Let me also say that I think there is an excellent chance that MIME/PEM will
fail, although for none of the reasons you have ever mentioned. For one thing,
we are very very late in this endeavour. There are already other formidable
players in this game that we have to confront, and there is no clear
indication
that we will win. And for another, it is not beyond possibility that I am
wrong
in my assessment that certificates as currently specified are an essential
service that people really need. If they aren't this whole effort is going
to die.

It's not clear to me who those formidable players are, or that we are
necessarily opposed to them. X9 and X12 have their constituencies in the
banking and EDI community, but they haven't yet come close to fielding an
effective, broad-based system.I am beginning to think that there is a real
possibility of PEM and PGP converging, and ultimately I think PEM and PKCS will
converge as well. DMS has a substantial follwing, in particular because Lotus
and Microsoft cannot afford to ignore those opportunities, but it seems
somewhat unlikely that everyone is going to embrace the Tessera cards after the
Clipper chip controversy.

I understand that from the standpoint of a developer who is always striving to
be 1 to 2 years ahead of the ordinary user, the PEM/MIME spedc may seem to be
awfully late. But my sample of most business users indicate that they are just
beginning to even think of using MIME seriously, and they are waiting
(patiently) for commercial-quality implementations to arrive so they can start
using digital signatures.

I've ben trying to do this kind of stuff for 10 years, and I get a little
frustrated, but I think the gernal public is just beginning to be receptive to
the entire notion. In general, I think that the user community is still waiting
for that killer application to put encryption and digital signatures on the
map. 

Electronic mail, with or without MIME, may or may not be that killer
application -- it's hard to predict. My own view, at least up until November
8th, was that it would be health care benefits and insurance claims filing, but
now I don't know. Ask Newt or Hillary (Hillary who?)? :-)
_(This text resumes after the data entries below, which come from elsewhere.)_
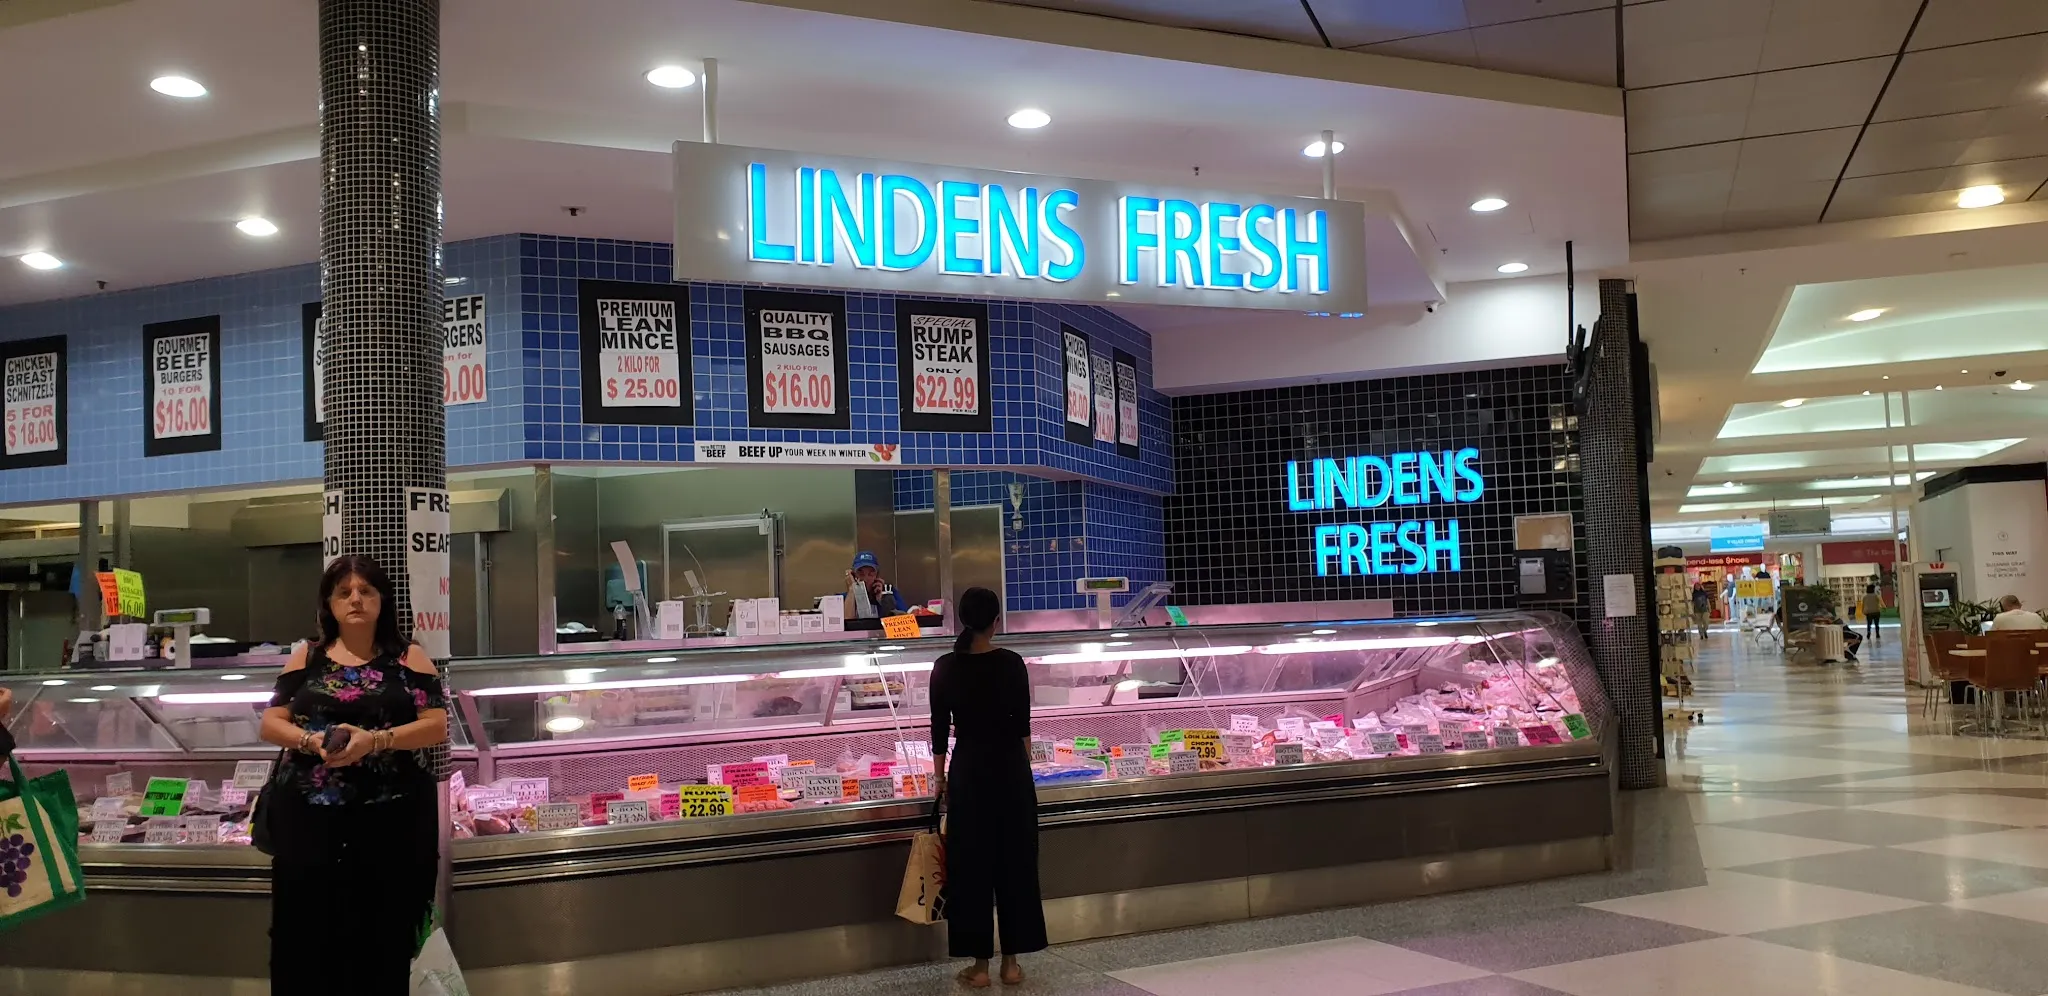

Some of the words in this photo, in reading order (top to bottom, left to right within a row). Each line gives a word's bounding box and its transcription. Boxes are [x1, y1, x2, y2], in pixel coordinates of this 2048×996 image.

[747, 162, 1086, 283] LINDENS
[1118, 194, 1330, 296] FRESH
[443, 296, 483, 323] EEF
[600, 302, 673, 318] PREMIUM
[600, 317, 673, 332] LEAN
[763, 312, 829, 326] QUALITY
[913, 316, 973, 328] SPECIAL
[601, 332, 674, 350] MINCE
[763, 327, 830, 341] BBQ
[913, 326, 974, 345] RUMP
[157, 336, 207, 355] GOURMET
[763, 342, 830, 357] SAUSAGES
[914, 343, 974, 363] STEAK
[1065, 333, 1087, 359] CHICKEN
[8, 355, 52, 373] CHICKEN
[156, 352, 207, 371] BEEF
[458, 352, 472, 360] for
[618, 356, 622, 372] 2
[624, 356, 643, 373] KILO
[645, 356, 660, 373] FOR
[1067, 354, 1087, 378] WINGS
[7, 369, 54, 387] BREAST
[161, 369, 202, 384] BURGERS
[7, 382, 54, 402] SCHNITZELS
[162, 387, 175, 396] 10
[178, 385, 201, 394] FOR
[624, 378, 677, 398] 25.00
[765, 371, 832, 411] $16.00
[915, 373, 975, 411] $22.99
[7, 410, 16, 421] 5
[22, 405, 53, 420] FOR
[1068, 389, 1088, 420] $8.00
[156, 396, 208, 434] $16.00
[21, 419, 55, 445] 18.00
[707, 449, 726, 458] BEEF
[739, 445, 766, 458] BEEF
[769, 446, 783, 458] UP
[785, 448, 804, 457] YOUR
[806, 449, 827, 457] WEEK
[829, 449, 837, 457] IN
[839, 450, 867, 458] WINTER
[1287, 447, 1484, 512] LINDENS
[410, 492, 449, 512] FRE
[1314, 519, 1462, 577] FRESH
[1686, 558, 1724, 566] pend-less
[885, 619, 916, 627] PREMIUM
[782, 768, 814, 776] CHICKEN
[145, 792, 168, 800] BUTTERFLY
[690, 804, 725, 816] 22.99
However, although  I might disagree with him from time to time, Ned is
obviously no dummy, and I will take the time to read what he has said
carefully
and try to respond equally carefully. Hopefully one of us will end up
educating
the other, or perhaps both of us will learn something. I will say that if
those
are his perceptions as to what a distinguished name ought to look like, no
wonder he has trouble building a certificate structure! I don't think I
could
either, given his self-imposed constraints.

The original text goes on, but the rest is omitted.